Commanders and leaders

Strength
- 1,000 (1941) 2,000 (1942) 8,000 (Sep. 1944) 66,000 (Dec. 1944) 110,000 (April 1945)^{[unreliable source?]} 340,000 Bulgarian soldiers in Southern Serbia and Vardar Macedonia (October – December 1944): ~32,000 Bulgarian soldiers in Southern Serbia and Vardar Macedonia (May 1941 – September 1944) ~300,000 (Army Group E in October 1944) ~8,000 Chetniks

Casualties and losses
- Total Yugoslav casualties: 24,000 By nationality: 7,000 Jews, 6,724 ethnic Macedonians, 6,000 Serbs, 4,000 Albanians 1,000 Bulgarians, Aromanians, Roma and Turks By affiliation: 2,000 civilians, 1,000 collaborationists, 11,000 soldiers and partisans 7,000 victims of concentration camps: Bulgarian casualties:: ca. 4,500 soldiers in the Autumn of 1944

= World War II in Yugoslav Macedonia =

Part of World War II in Yugoslavia

World War II in Yugoslav Macedonia started with the Axis invasion of Yugoslavia in April 1941. Under the pressure of the Yugoslav Partisan movement, part of the Macedonian communists began in October 1941 a political and military campaign to resist the occupation of Vardar Macedonia. Officially, the area was called then Vardar Banovina, because the use of very name Macedonia was avoided in the Kingdom of Yugoslavia. Most of its territory was occupied by Bulgaria, while its westernmost part was ceded to Albania, both aided by German and Italian troops. Initially, there was no organised resistance in the region because the majority of the Macedonian Slavs nurtured strong pro-Bulgarian sentiments, although this was an effect from the previous repressive
Kingdom of Yugoslavia rule which had negative impact on the majority of the population. Even the local Communists, separated from the Yugoslav and joined the Bulgarian Communist Party. However, even those Macedonians who felt that they were Bulgarians soon discovered that the Bulgarians from Bulgaria were suspicious of them and considered them "backward Bulgarians" or second-class Bulgarians. In fact, Bulgarian authorities began a process of oppressive Bulgarianization as they realised that only part of the Macedonian population felt Bulgarian or was pro-Bulgarian. Some researchers describe this process as "re-Bulgarisation" and "de-Serbianisation". The occupation troops acted just as viciously and arrogantly toward the local population as did the officials. Thus, they soon became an object of disgust from the population, especially these who felt themselves Macedonians, developed strong resentment towards the Bulgarian regime as it acted the same way as the Serbian one before.

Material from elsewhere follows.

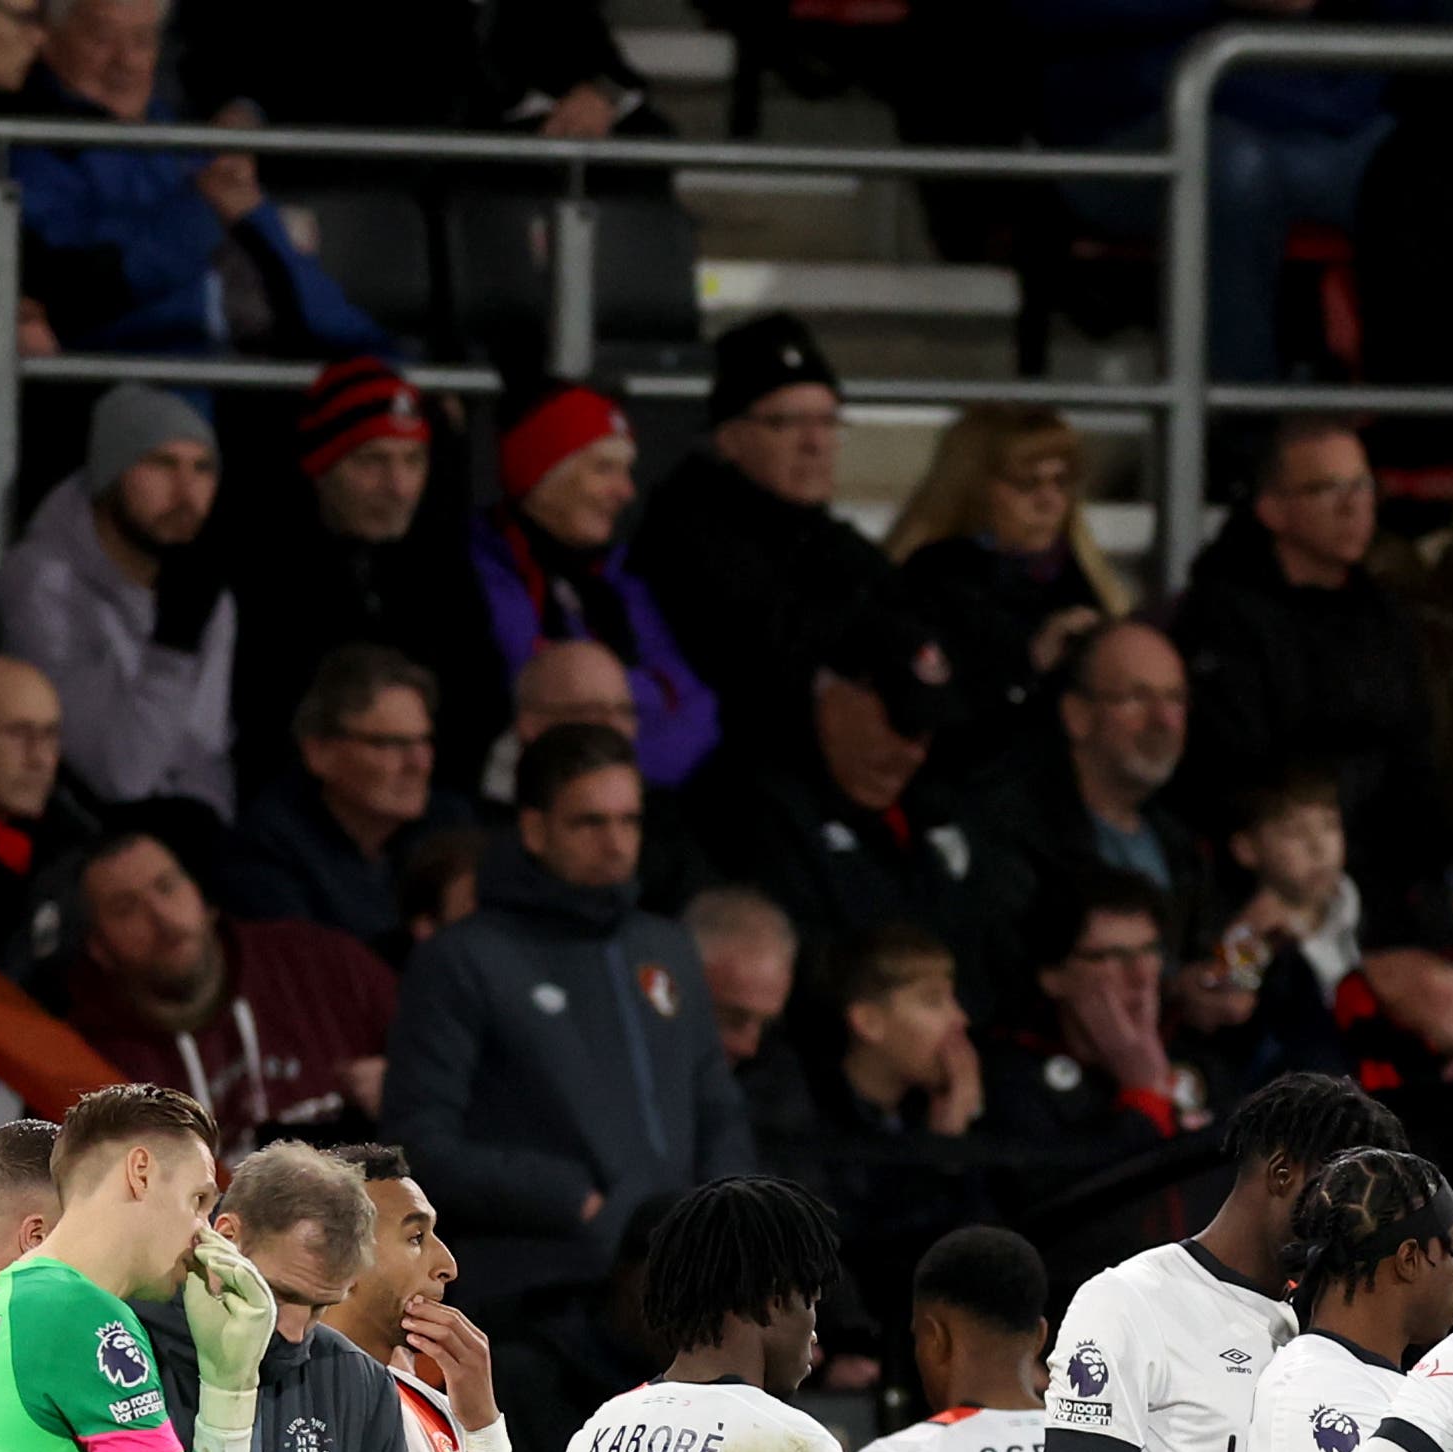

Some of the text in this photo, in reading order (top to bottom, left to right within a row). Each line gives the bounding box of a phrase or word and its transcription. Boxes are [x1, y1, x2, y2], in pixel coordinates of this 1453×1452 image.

[109, 1390, 159, 1414] No room
[1056, 1399, 1108, 1416] No room
[1071, 1413, 1112, 1426] racism

The wartime national chauvinism and suffering backlash generated some support for the Communist Partisans, whose power started to grow only in 1943 with the capitulation of Italy and the Soviet victories over Nazi Germany, which turned the tide in the war and the partisans actions became more successful. The role of the Bulgarian communists, who avoided organizing mass armed resistance, was also a key factor, their influence over the Macedonian Committee remained dominant until 1943. Another key factor was the main goal of the Yugoslav Partisans which could not inspire and attract Macedonians who saw it as a reestablishment of Yugoslavia and the Serbian rule. This changed, when in the beginning of 1943, Tito's special emissary Svetozar Vukmanović arrived in Macedonia. Vukmanović had to activate the struggle and give a Macedonian "facade" to the form and content, as well as to the aims and aspirations of it in order to secure participation of Macedonians. He was supposed to set up a Macedonian Communist Party within the framework of the Yugoslav one, which would include only activists loyal to the Yugoslav agenda. They formed in 1943 the People's Liberation Army of Macedonia and the Macedonian Communist Party in the western part of the area, where the Albanian Partisans also participated in the resistance movement. The Macedonian Communist Party would lead the effort, not for the restoration of the old Yugoslavia, but above all for the liberation and unification of Macedonia and a new federal union of Yugoslav peoples with an extension of its prewar territory. This appeal attracted more young people to the armed resistance. All of the previous led to the rise of an younger anti-Bulgarian oriented generation of partisan leaders, who were loyal to Yugoslavia.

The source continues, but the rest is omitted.